- [Problem details]: Copy every entry verbatim and skip the pictures.

- [Entries provided]:
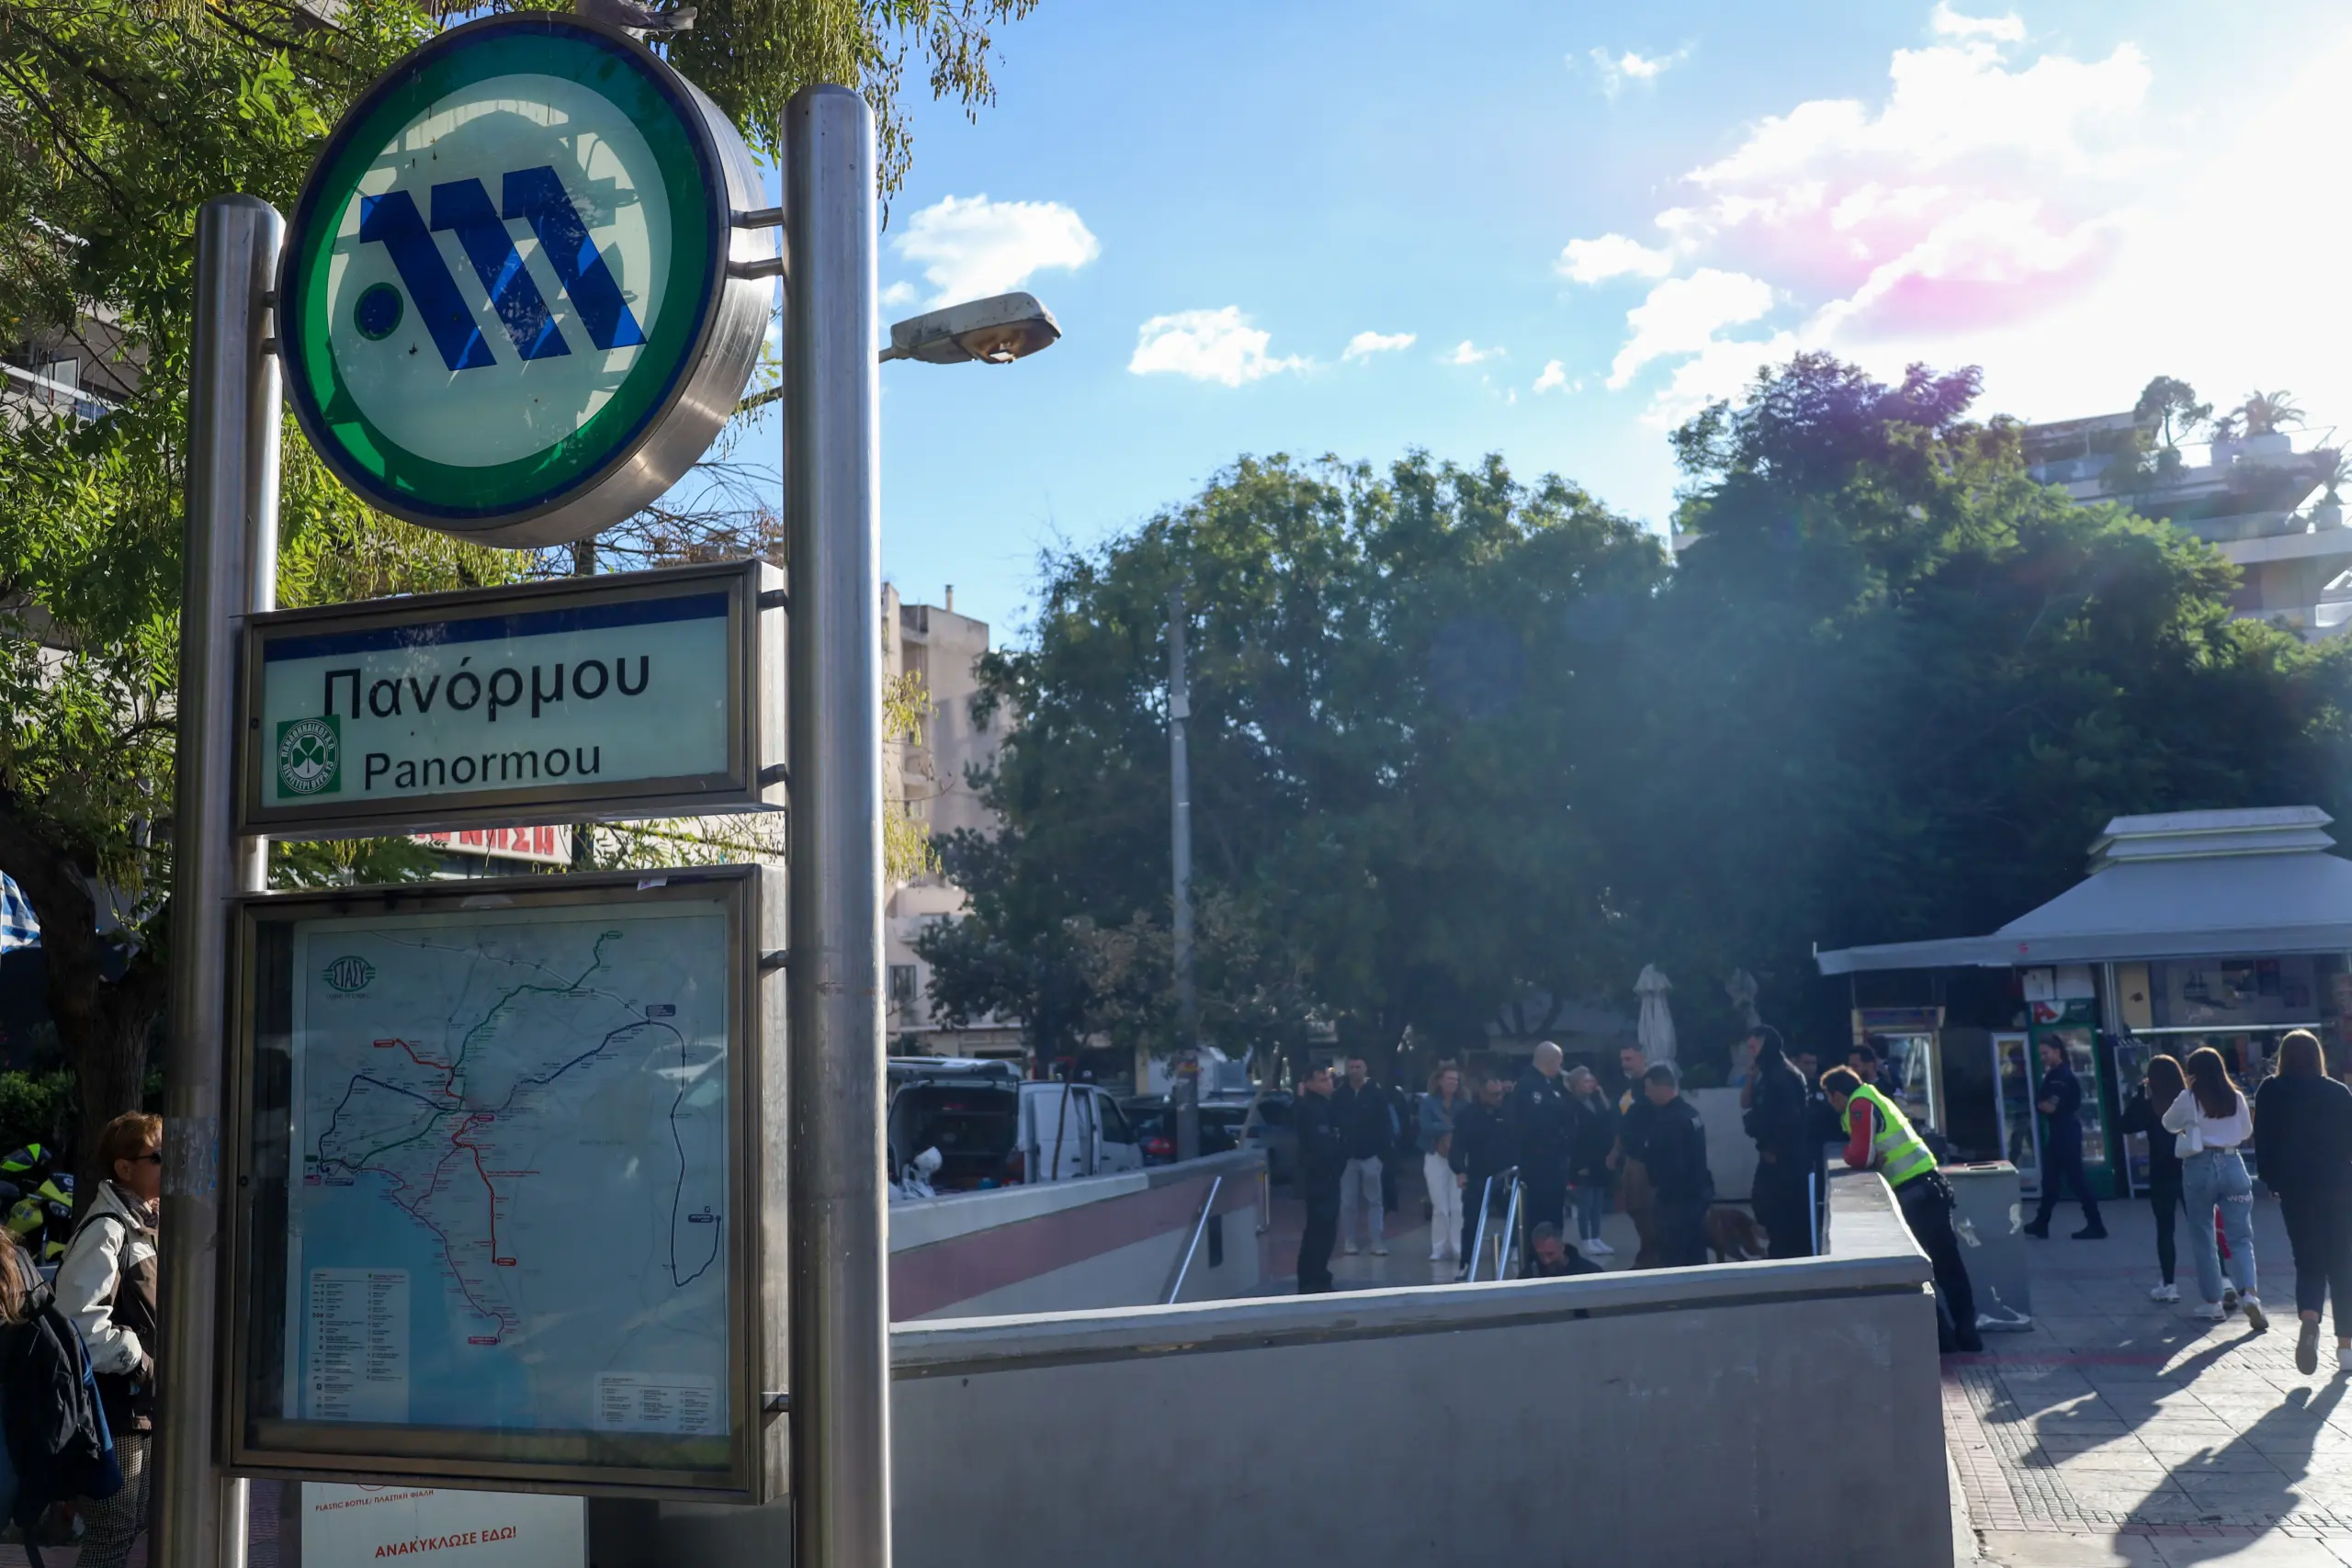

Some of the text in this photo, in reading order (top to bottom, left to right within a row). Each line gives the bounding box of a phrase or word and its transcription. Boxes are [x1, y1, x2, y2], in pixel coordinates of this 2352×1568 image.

[323, 656, 650, 723] Πανόρμου
[364, 745, 601, 791] Panormou
[315, 1501, 344, 1512] PLASTIC
[374, 1492, 409, 1504] ΠΛΑΣΤΙΚΗ
[410, 1489, 435, 1498] ΦΙΑΛΗ
[481, 1526, 517, 1542] ΕΔΩ!

- [Task output]:
Some of the text in this photo, in reading order (top to bottom, left to right within a row). Each line gives the bounding box of a phrase or word and its transcription. Boxes are [x1, y1, x2, y2], in pixel coordinates of this 2352×1568 image.

[323, 656, 650, 723] Πανόρμου
[364, 745, 601, 791] Panormou
[315, 1501, 344, 1512] PLASTIC
[374, 1492, 409, 1504] ΠΛΑΣΤΙΚΗ
[410, 1489, 435, 1498] ΦΙΑΛΗ
[481, 1526, 517, 1542] ΕΔΩ!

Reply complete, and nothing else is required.